(Text-to-region grounding data)
- Opening Delimiter -
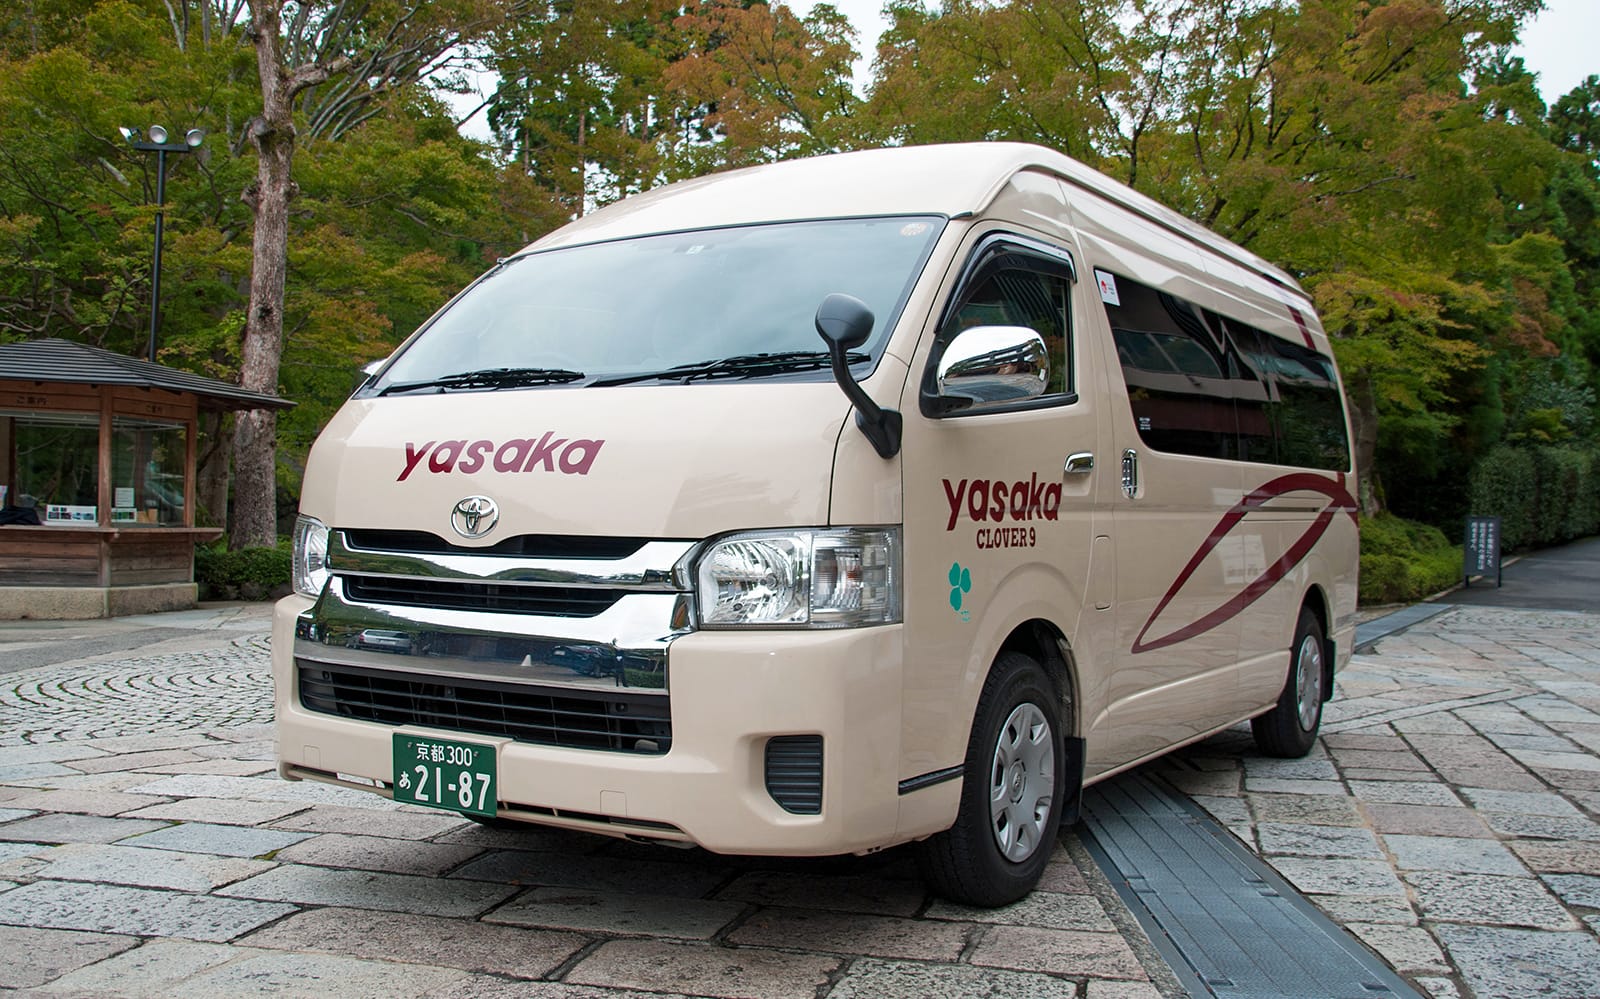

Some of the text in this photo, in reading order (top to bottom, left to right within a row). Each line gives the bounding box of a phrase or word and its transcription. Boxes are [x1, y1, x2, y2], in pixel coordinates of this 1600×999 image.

[396, 431, 605, 482] yasaka
[942, 472, 1062, 531] yasaka
[414, 765, 491, 811] 21-87
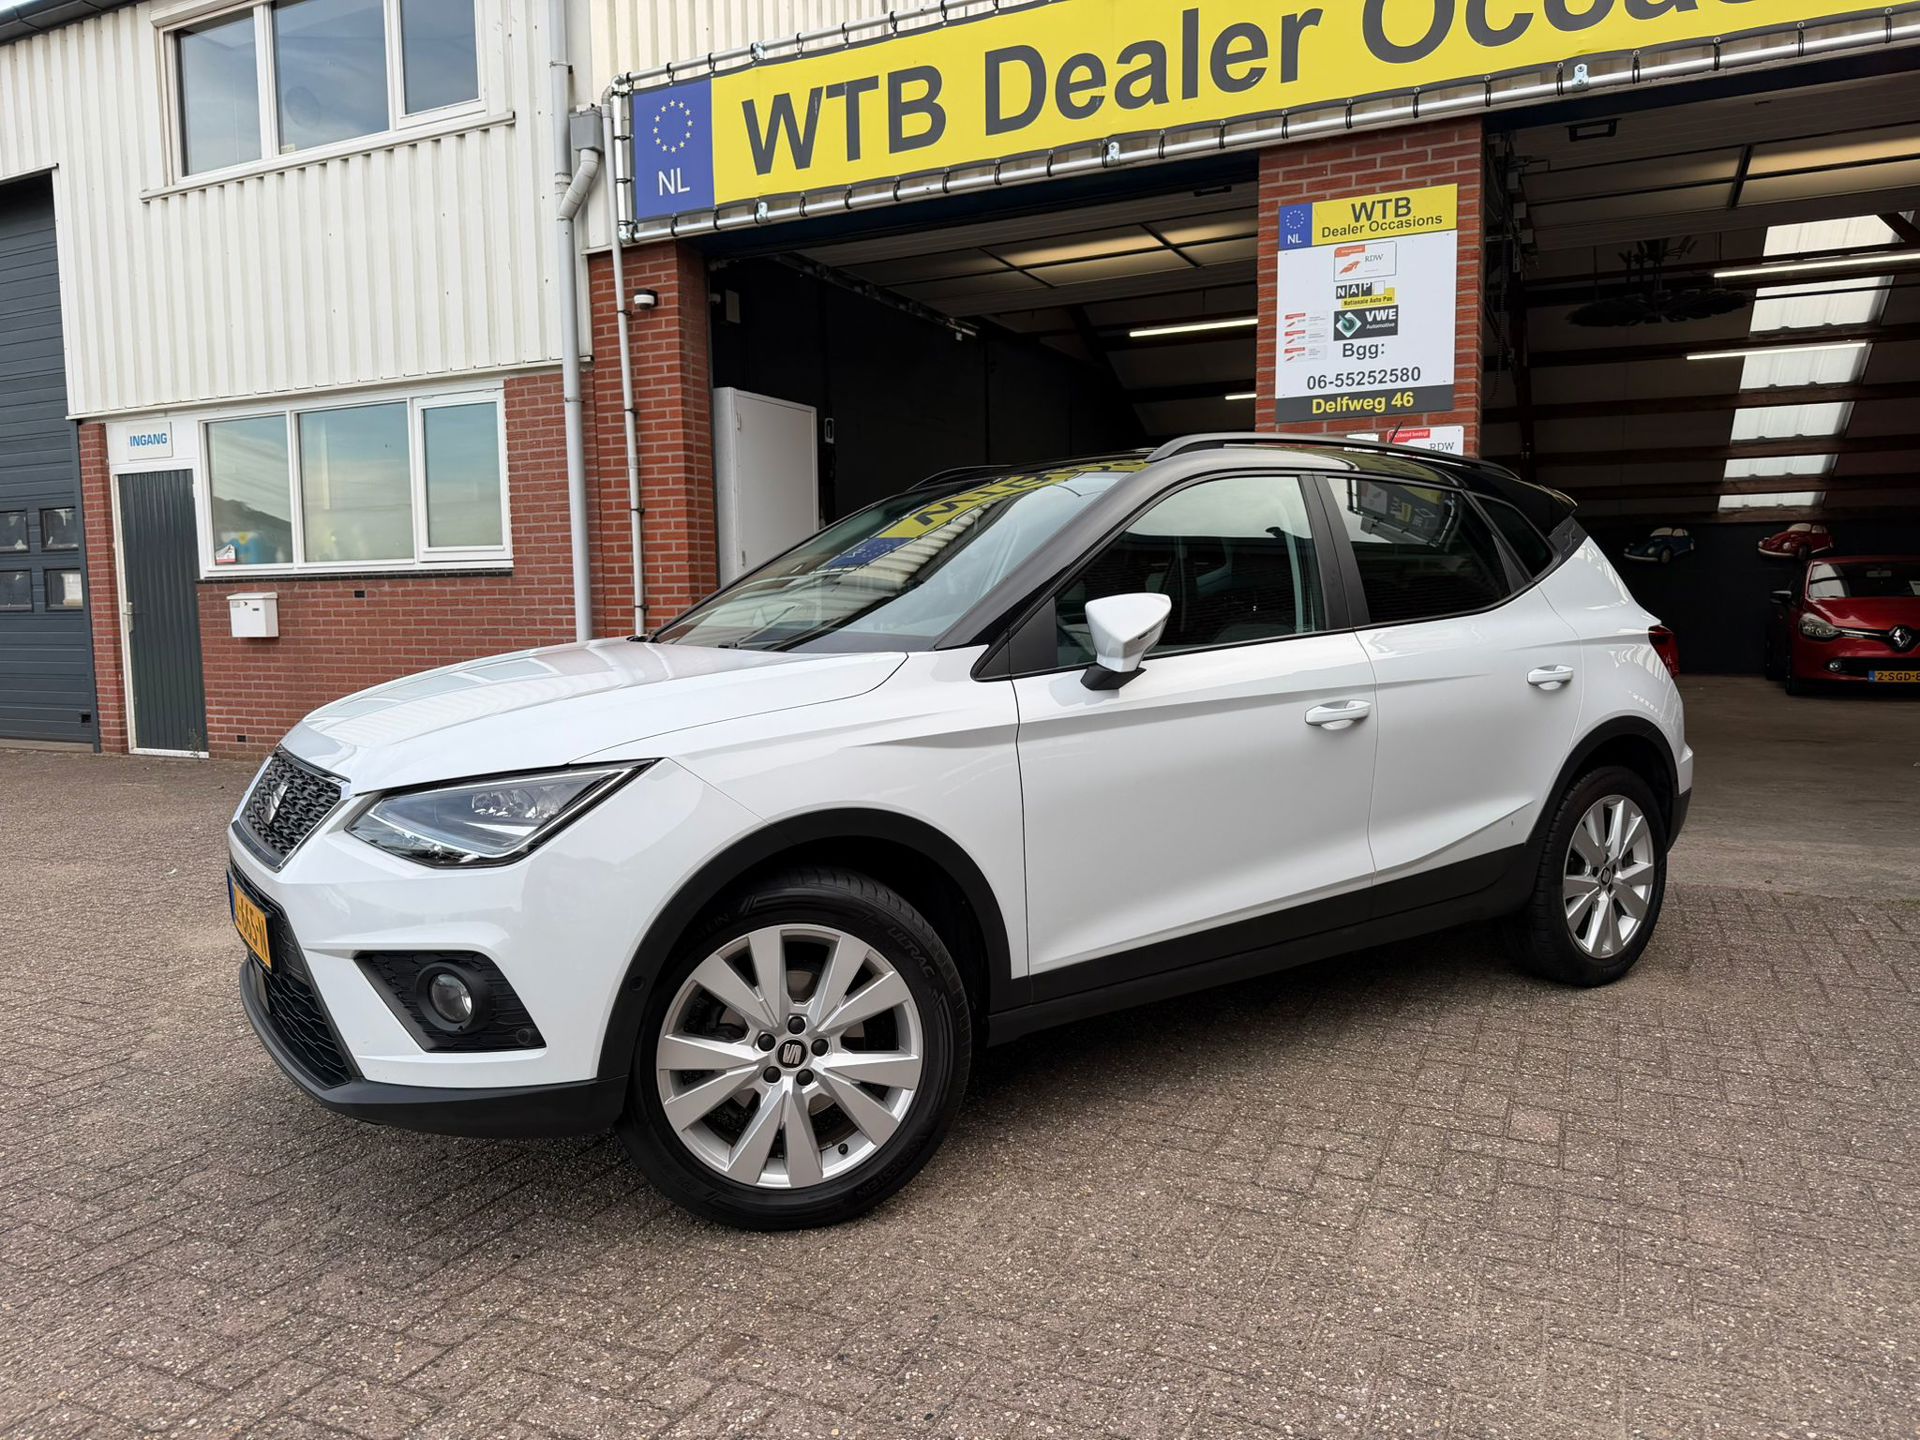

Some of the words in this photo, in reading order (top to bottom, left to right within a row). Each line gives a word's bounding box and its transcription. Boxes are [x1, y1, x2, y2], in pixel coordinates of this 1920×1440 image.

[741, 65, 947, 177] WTB
[984, 7, 1324, 137] Dealer
[658, 168, 690, 196] NL
[1351, 196, 1411, 223] WTB
[1322, 224, 1364, 238] Dealer
[1369, 214, 1442, 233] Occasions
[1287, 233, 1302, 244] NL
[1365, 254, 1383, 262] RDW
[1365, 309, 1397, 322] VWE
[1342, 342, 1385, 360] Bgg:
[1307, 366, 1421, 390] 06-55252580
[1312, 396, 1386, 414] Delfweg
[1391, 391, 1414, 408] 46
[129, 432, 168, 447] INGANG
[1429, 441, 1454, 451] RDW
- Closing Delimiter -
**TASK INSTRUCTIONS**
In your copy, restate the data above word for word but leave out any picture.

**ANSWER SPACE**
Some of the text in this photo, in reading order (top to bottom, left to right within a row). Each line gives the bounding box of a phrase or word and its transcription. Boxes are [x1, y1, x2, y2], in pixel coordinates of this 1600×999 image.

[396, 431, 605, 482] yasaka
[942, 472, 1062, 531] yasaka
[414, 765, 491, 811] 21-87

Some of the words in this photo, in reading order (top to bottom, left to right within a row). Each line gives a word's bounding box and its transcription. Boxes are [x1, y1, x2, y2], in pixel coordinates of this 1920×1440 image.

[741, 65, 947, 177] WTB
[984, 7, 1324, 137] Dealer
[658, 168, 690, 196] NL
[1351, 196, 1411, 223] WTB
[1322, 224, 1364, 238] Dealer
[1369, 214, 1442, 233] Occasions
[1287, 233, 1302, 244] NL
[1365, 254, 1383, 262] RDW
[1365, 309, 1397, 322] VWE
[1342, 342, 1385, 360] Bgg:
[1307, 366, 1421, 390] 06-55252580
[1312, 396, 1386, 414] Delfweg
[1391, 391, 1414, 408] 46
[129, 432, 168, 447] INGANG
[1429, 441, 1454, 451] RDW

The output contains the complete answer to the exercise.